舟囲いは右金を上がる手(下図)が必須になりますが、
![将棋で「エルモ囲い」と言われる囲いを含んだ陣形](../img/中級/エルモ囲い1-4.png)
上図からエルモ囲いを組むと、右金が他の
金駒と連結していません(下図)。
![将棋で「エルモ囲い」と言われる囲いを含んだ陣形](../img/中級/エルモ囲い1-5.png)
自分の飛車が
自陣にいる間は良いのですが、
中終盤で飛車交換になり、相手から飛車を打ち込まれてしまう(下図)と、
金取りを受ける必要があり、
手番を失ってしまいます。
![将棋で「エルモ囲い」と言われる囲いを含んだ陣形](../img/中級/エルモ囲い1-6.png)
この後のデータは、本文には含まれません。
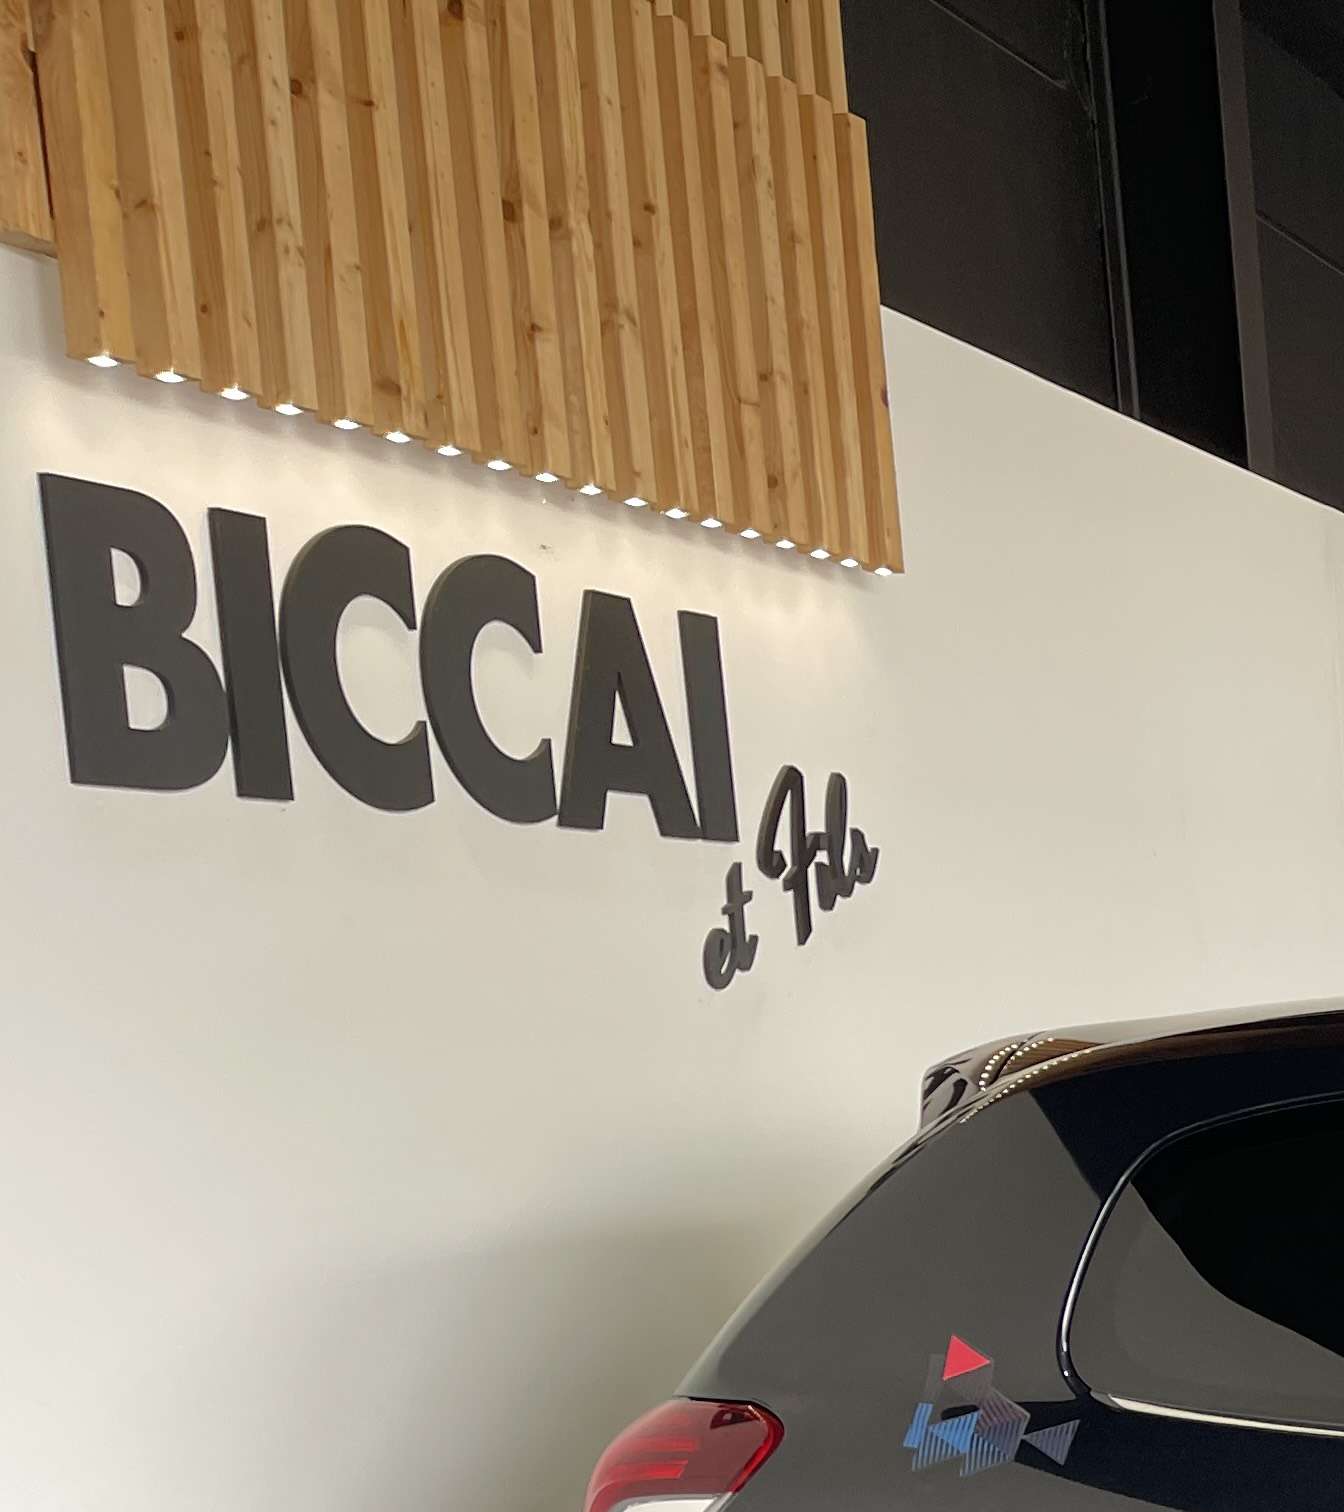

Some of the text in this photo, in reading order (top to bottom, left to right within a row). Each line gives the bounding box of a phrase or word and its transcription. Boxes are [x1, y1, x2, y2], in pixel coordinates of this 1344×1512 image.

[37, 473, 740, 842] BICCAI
[703, 764, 880, 990] et Fils
右金を二段目に上がることによって、上部からの攻めに対しては強くなるので、
プラスとなる局面も多いですが、相手の動きを見てから上がれば良いのです。
エルモ囲いからの進展
エルモ囲いは囲いの手数を省略して
急戦を狙っているため、
このまま戦いとなることが多いです。
主な相手の囲い
振り飛車で、比較的手数のかからない囲いであることがほとんどです。
エルモ囲いの主な弱点
角交換となる状況に注意が必要
エルモ囲いは、角に
紐を付けているのが玉と左金のため、
下図のように相手から角交換をされてしまうと少し対応に困ります。
![「エルモ囲い」の注意点1](../img/中級/エルモ囲い2-1.png)
▲同金は形が崩れて、
壁形となるうえに、一段金に戻しづらいです。
そして、▲同玉は相手の角打ちによって
王手がかかりやすくなります。
ある程度は仕方ない部分もありますが、
角交換やそれを狙われる
筋に注意しつつ、
駒組みを進める必要があります。
例えば、駒組みの段階で▲7七角と1つ上がっておけば、
相手からの角交換に対して、▲7七同桂や▲7七同銀と取ることができるので、
一段金の形を維持することはできます。
角頭を狙われると弱い
エルモ囲いは、玉のすぐ左上が
角頭という弱点でもあるため、
下図のように銀が出てくるだけで、突破が防ぎづらいです。
(「玉頭銀(ぎょくとうぎん)」という振り飛車の戦法です。)
![「エルモ囲い」の注意点2](../img/中級/エルモ囲い2-2.png)
あとは角頭に向けて、桂や香を
打つ、あるいはその
筋に飛車を
回ってくるだけです。
左銀を上がって(先手▲7七銀、後手△3三銀)相手の銀の進出を防ぐ手はありますが、
自玉の横が空いてしまうので囲いが弱体化してしまいますし、
自らの
角道を止めてしまうと
急戦を
仕掛けにくくもなるので指しづらいです。
駒組みの段階から、仕掛けを見せて相手の動きをけん制する指し回しが求められます。
上図の形から角頭を突破されてしまっても、中央方面へ玉を逃げることはできるので、
攻め合いに持ち込むことができる局面ならば、許容できる可能性はあります。
控えて桂を打たれると弱い
エルモ囲いは、下図のように
控えて桂を打たれてしまうと、
次に角銀
両取りの狙いが生じます。
![「エルモ囲い」の注意点3](../img/中級/エルモ囲い2-3.png)
左銀を上がれば(先手▲7七銀、後手△3三銀)相手の桂跳ねを防ぐことはできますが、
自玉の横が空くうえに
角道が止まってしまうので、
玉の右横の銀はなるべく動かしたくありません。
角を逃げておけば桂跳ね単発ならば脅威ではありませんが、別の攻めと絡むと厄介です。
また、相手の持ち駒に歩が複数枚あれば、
打った桂の
利きを生かして
端攻めをされる恐れも増します。
相手に桂を渡す場合には、そのタイミングが重要になります。
自分の持ち駒に銀がある場合には、
桂頭の銀でしっかりと受けることも多いです。